• _Work item_: Return the material exactly. Every line must stay as it is.

Entries supplied START

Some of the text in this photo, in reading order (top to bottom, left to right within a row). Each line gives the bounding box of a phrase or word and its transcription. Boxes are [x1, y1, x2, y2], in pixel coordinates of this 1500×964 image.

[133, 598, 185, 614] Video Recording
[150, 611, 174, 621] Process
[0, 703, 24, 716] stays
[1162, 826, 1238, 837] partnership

Entries supplied END

• _Written answer_:
Some of the text in this photo, in reading order (top to bottom, left to right within a row). Each line gives the bounding box of a phrase or word and its transcription. Boxes are [x1, y1, x2, y2], in pixel coordinates of this 1500×964 image.

[133, 598, 185, 614] Video Recording
[150, 611, 174, 621] Process
[0, 703, 24, 716] stays
[1162, 826, 1238, 837] partnership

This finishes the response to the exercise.